◆ **ASSIGNED TASK**: Give the data again exactly as written, skipping any pictures.

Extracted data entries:
┄┄┄┄┄┄┄┄┄┄┄┄┄┄┄┄┄┄┄┄
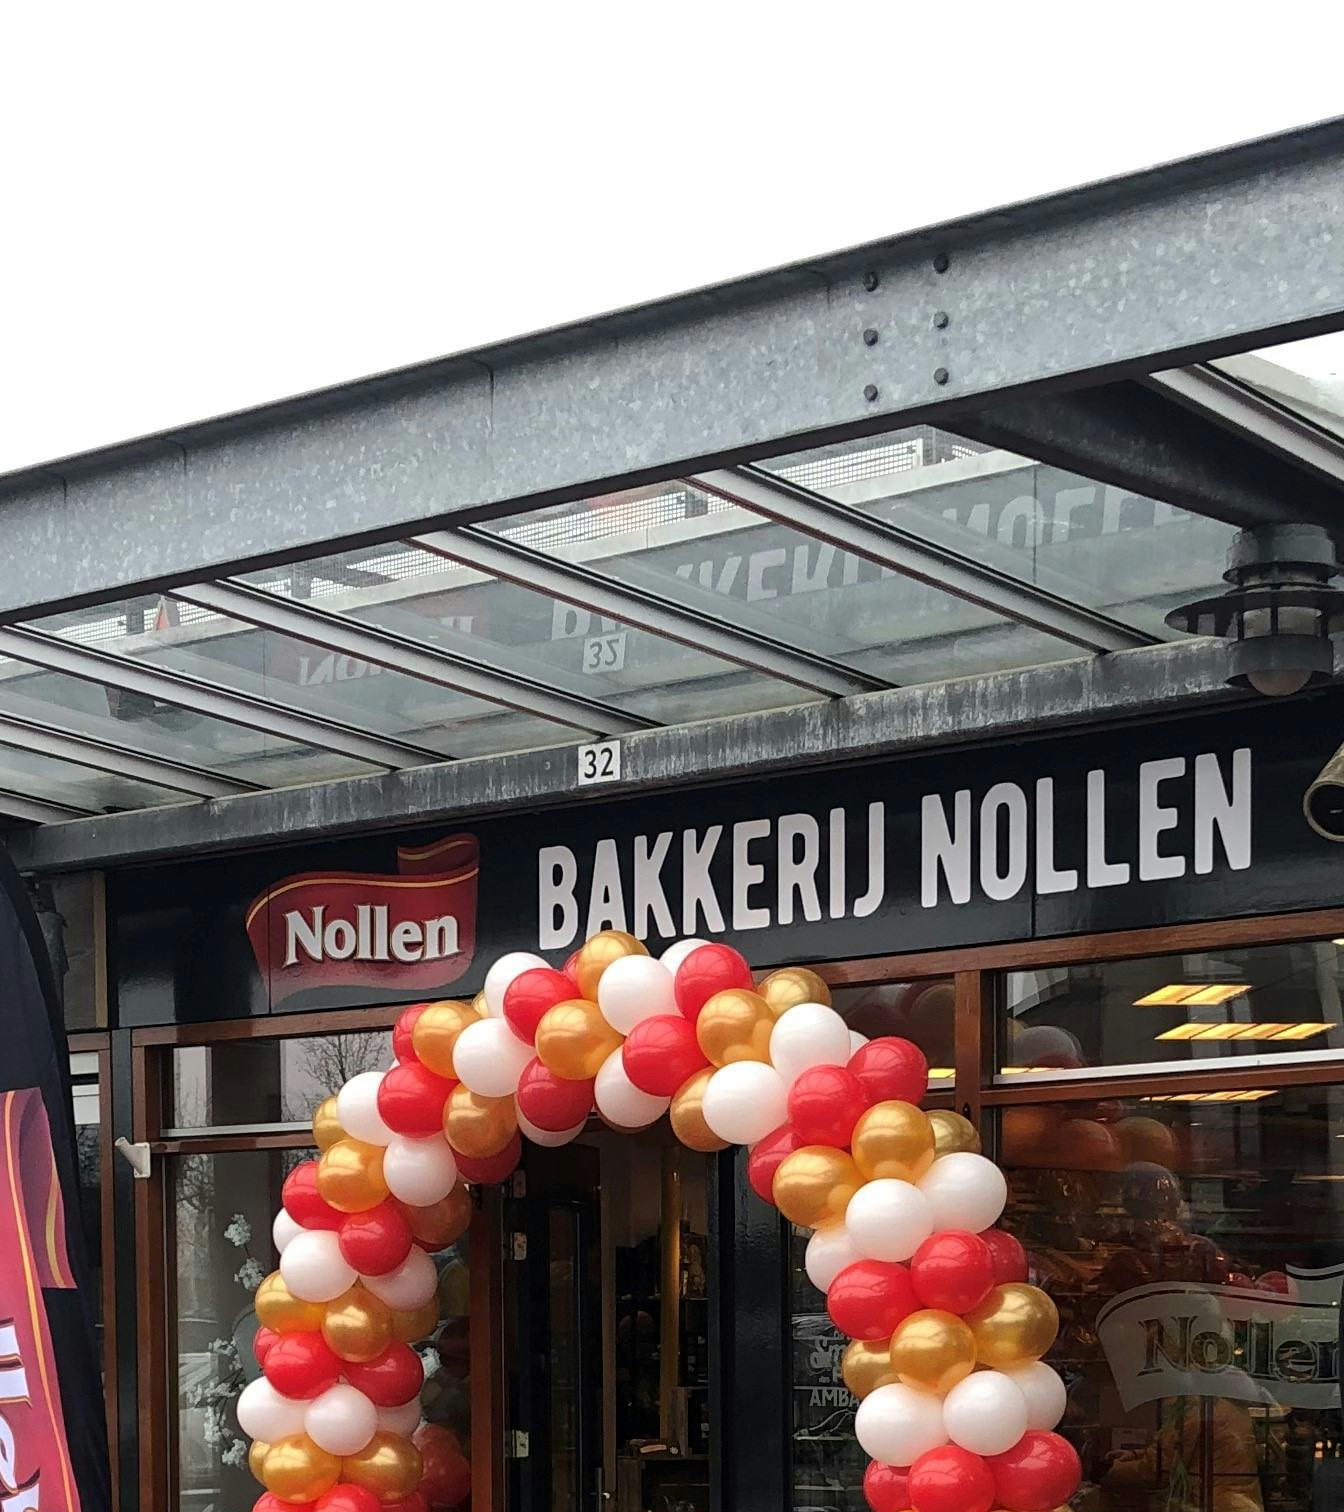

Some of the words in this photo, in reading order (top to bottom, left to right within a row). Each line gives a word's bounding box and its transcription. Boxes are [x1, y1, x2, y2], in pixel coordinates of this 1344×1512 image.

[583, 746, 614, 779] 32
[538, 801, 885, 951] BAKKERIJ
[921, 747, 1253, 909] NOLLEN
[281, 903, 463, 967] Nollen
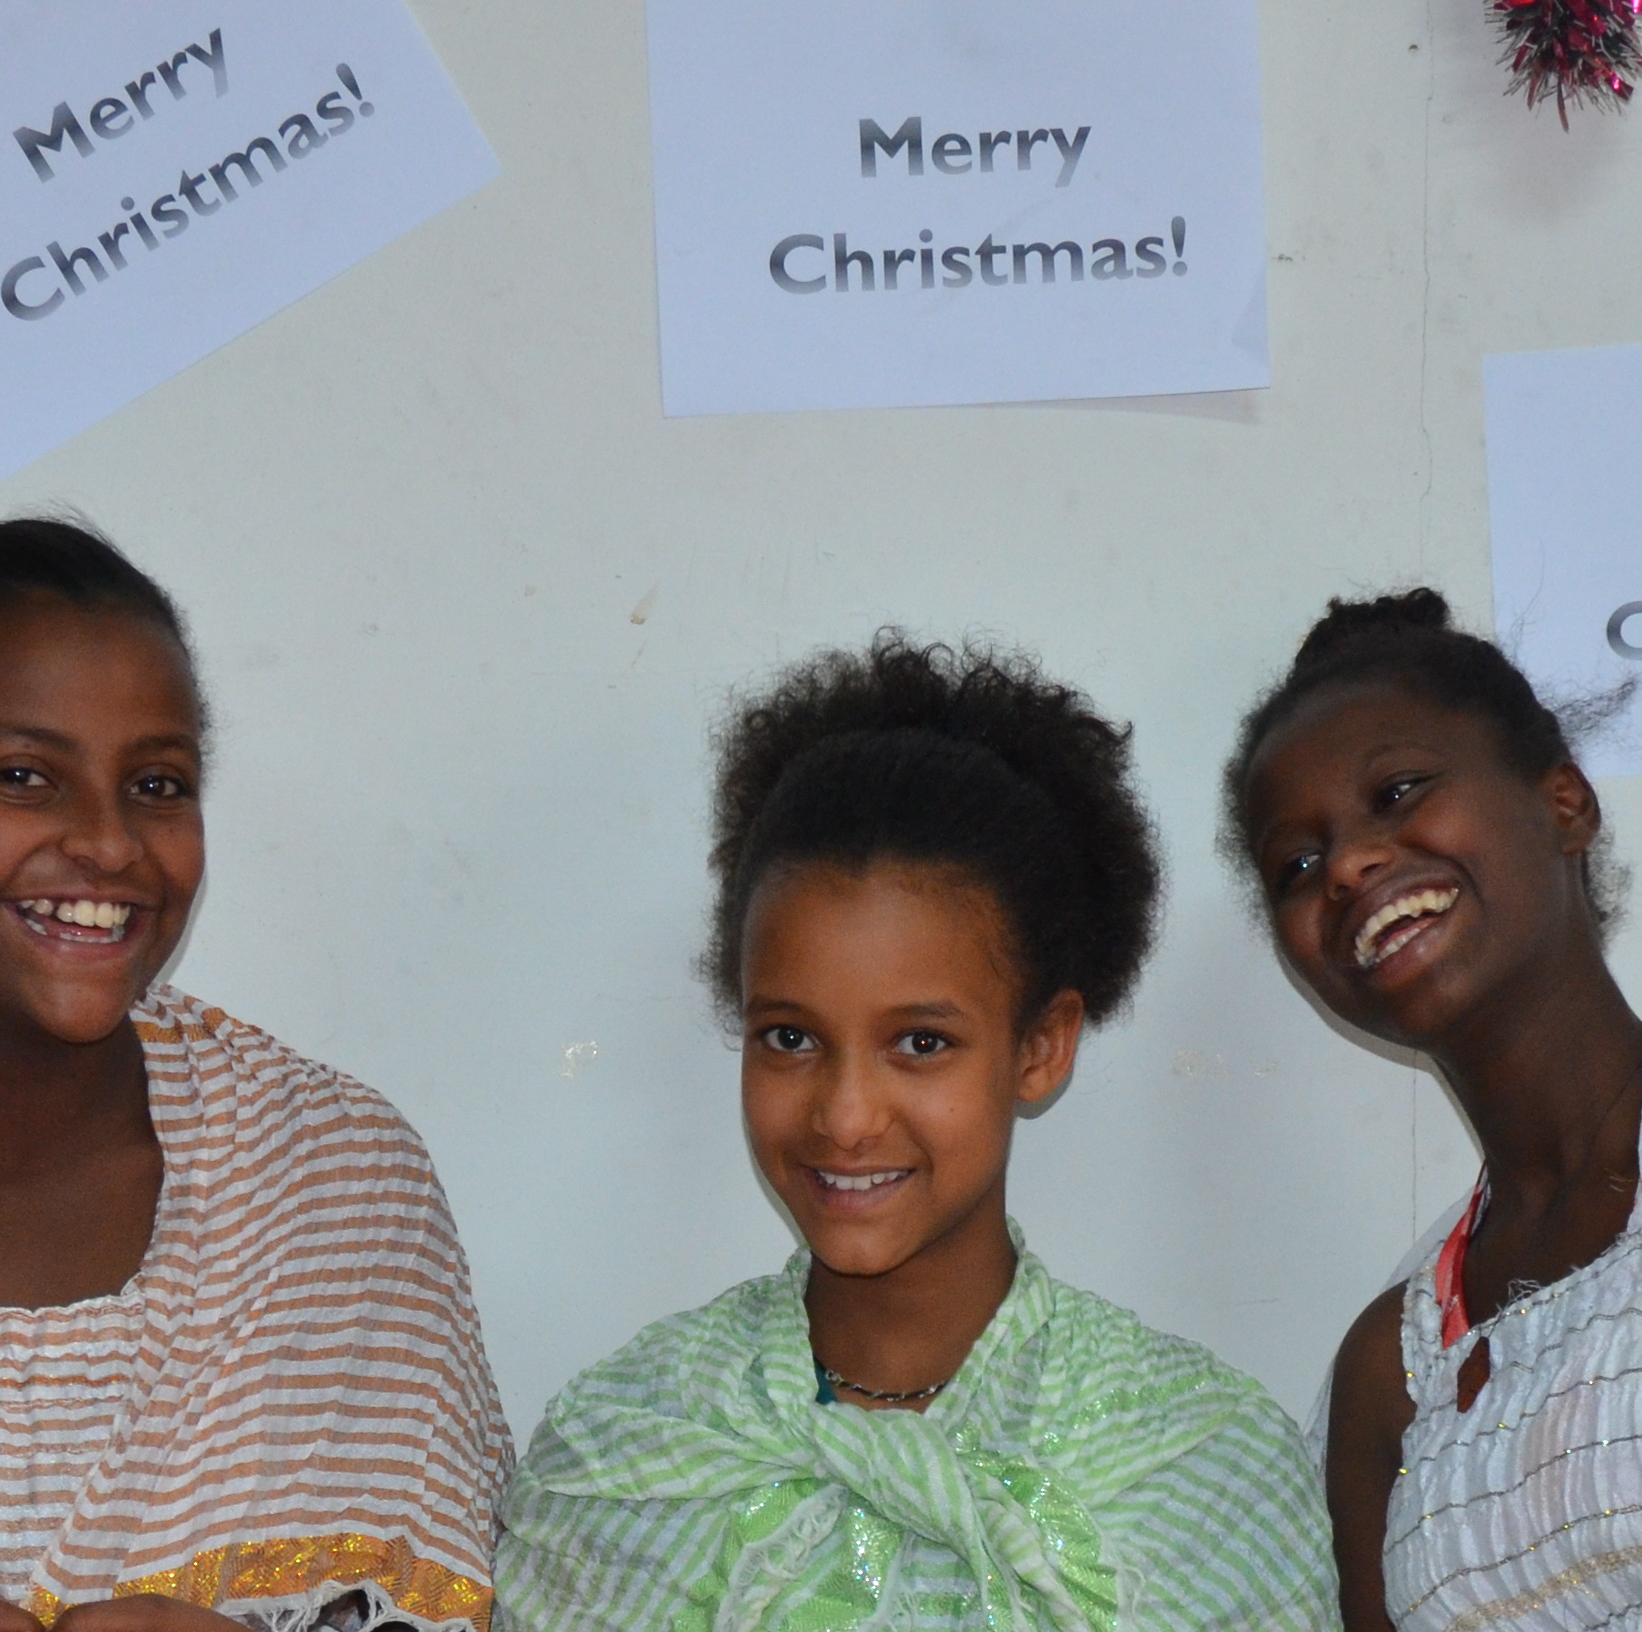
┄┄┄┄┄┄┄┄┄┄┄┄┄┄┄┄┄┄┄┄
◆ **TASK SOLUTION**:
Some of the words in this photo, in reading order (top to bottom, left to right within a row). Each line gives a word's bounding box and its transcription. Boxes are [x1, y1, x2, y2], in pixel coordinates of this 1344×1512 image.

[583, 746, 614, 779] 32
[538, 801, 885, 951] BAKKERIJ
[921, 747, 1253, 909] NOLLEN
[281, 903, 463, 967] Nollen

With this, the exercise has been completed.